What Is a Ballpark Estimate?
A ballpark estimate is a term used to identify an approximation of an outcome that is based on the information that is readily available to the person or group who is making the estimate. Unlike a guess, a ballpark estimate takes into consideration data that can be verified with relative ease and employs expertise in making rational projections based on that data, coming up with an answer that is reasonable in light of all known factors. By contrast, a guess is tends to rely more on subjective understandings and less on verifiable data.
The fanciful name for the ballpark estimate comes from the allusion to many types of sports that are played in a ballpark. The concept has to do with coming up with an estimate that, like the ball that is struck with a bat and lands somewhere within the contained area of the park, is within reasonable distance from the goal. While not considered an actual quotation or covenant, the estimate serves as a guideline for determining whether to move forward with a project, or to abandon it in favor of some other activity.
With a ballpark estimate, the data available for analysis and consideration in forming the estimate provides the essential range of values necessary to come up with a reasonable answer. Within the scope of that estimate, it is understood that should other relevant information appear during the project, the outcome could be changed in some manner. For example, a car insurance agent may present a ballpark estimate to a potential client, based on the known details about the customer. If the agent finds out later that the customer has several tickets over the last couple of years and an accident or two that was not reported at the time the estimate was requested, this will make an impact on the final premium that the agent extends to that client.

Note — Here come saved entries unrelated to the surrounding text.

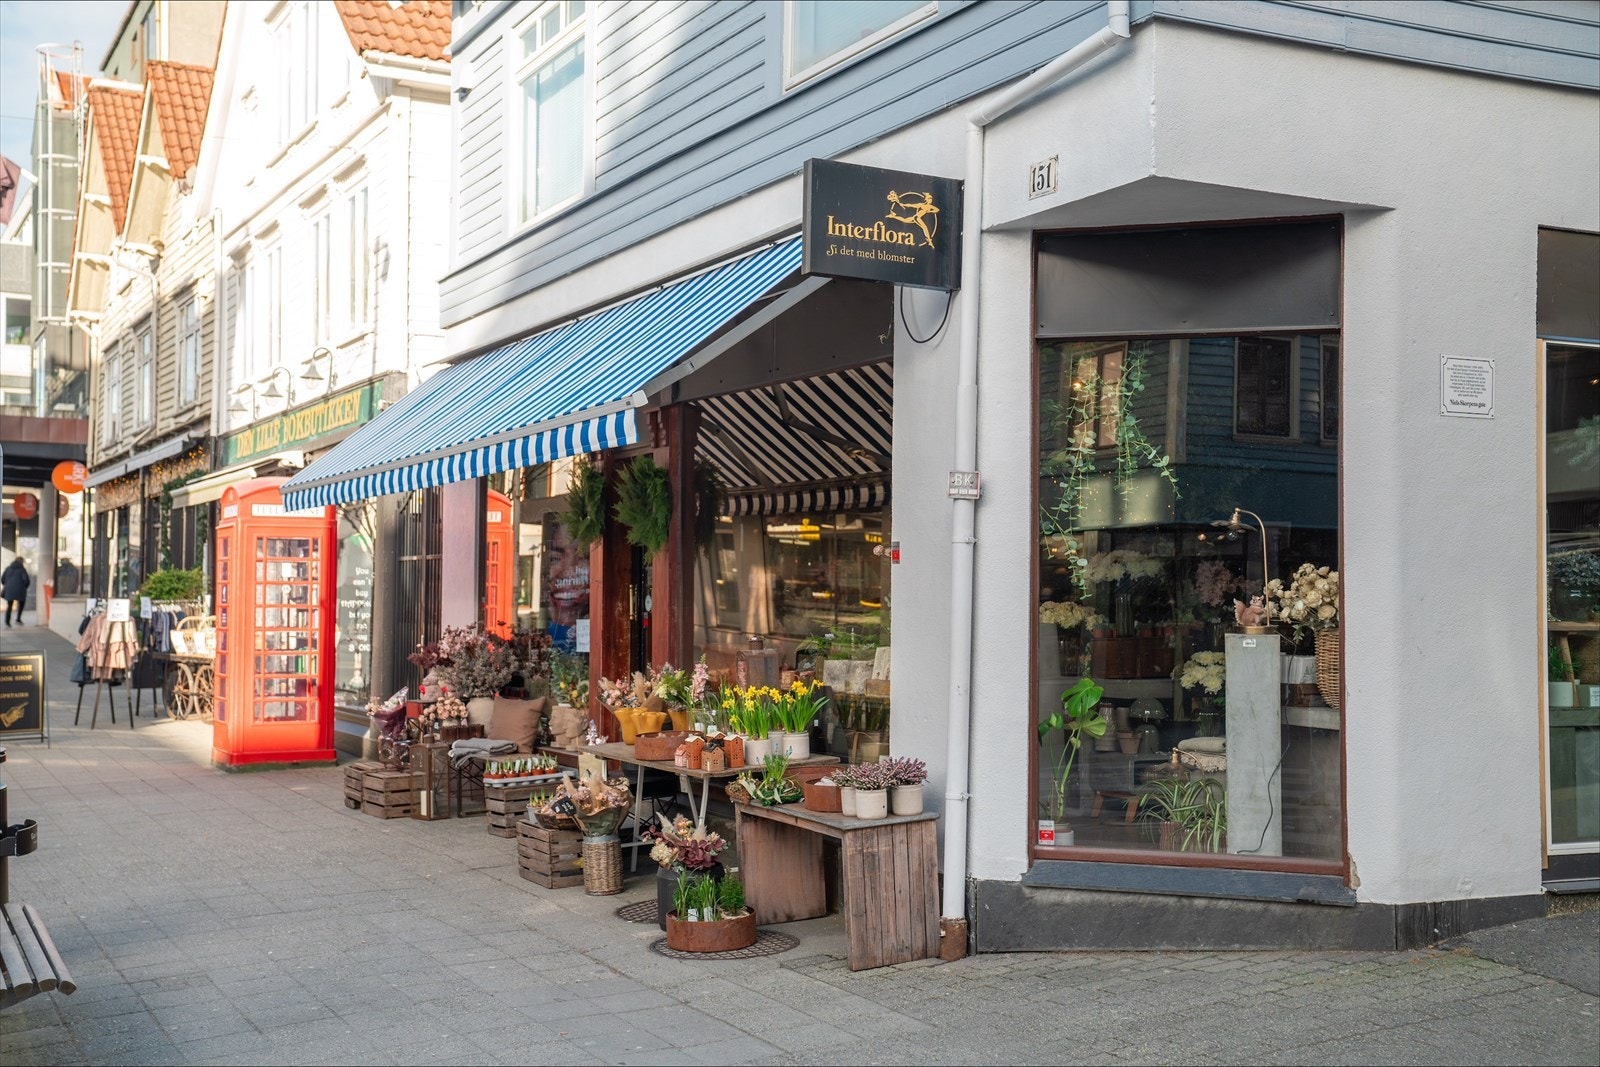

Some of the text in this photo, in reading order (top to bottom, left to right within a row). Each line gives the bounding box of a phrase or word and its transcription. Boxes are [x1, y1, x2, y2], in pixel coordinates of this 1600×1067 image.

[1032, 162, 1052, 193] 151
[827, 215, 915, 246] Interflora
[827, 244, 915, 264] Si det med blomster
[236, 388, 361, 459] DEN LILLE BOKBUTIKKEN
[355, 567, 369, 576] You
[361, 612, 371, 620] yo
[0, 664, 33, 673] NGLISH

While a ballpark estimate is not the final word, it will take into consideration enough information to make a reasonable guess at the final outcome. In actual practice, an estimate of this type may be very close to the outcome, especially if no previously unknown factors arise that have any real bearing on the result. At other times, the appearance of a significant amount of information that was not taken into consideration previously can render the estimate more or less useless. Typically, a ballpark estimate is not considered binding and serves only as a guideline until it is possible to determine the outcome more precisely.
I once tried to get an online insurance quote, and the site asked me to answer a few general questions. It actually said I would receive a ballpark figure in a few minutes, based on my answers. If I was happy with that car insurance estimate, I could fill out a more detailed application and a real life insurance agent would contact me with a more specific set of numbers.
I guess a lot of people were more interested in getting ballpark estimate from several different insurance companies than getting specific numbers from agents. I know there are times when all I want from a repairman or contractor is a rough estimate.
I remember when I needed to get some repairs done on my house, I called a general contractor and he started listing all of the things that needed attention. It was a much longer list that I anticipated. I asked him to give me a ball park estimate on the cost of repairs, and he said $20,000 or so. That's a mighty big ballpark, but at least I knew how much to borrow from the bank if he did everything on that list. The actual cost turned out to be much less, but at least the ballpark figure prepared me for the worst.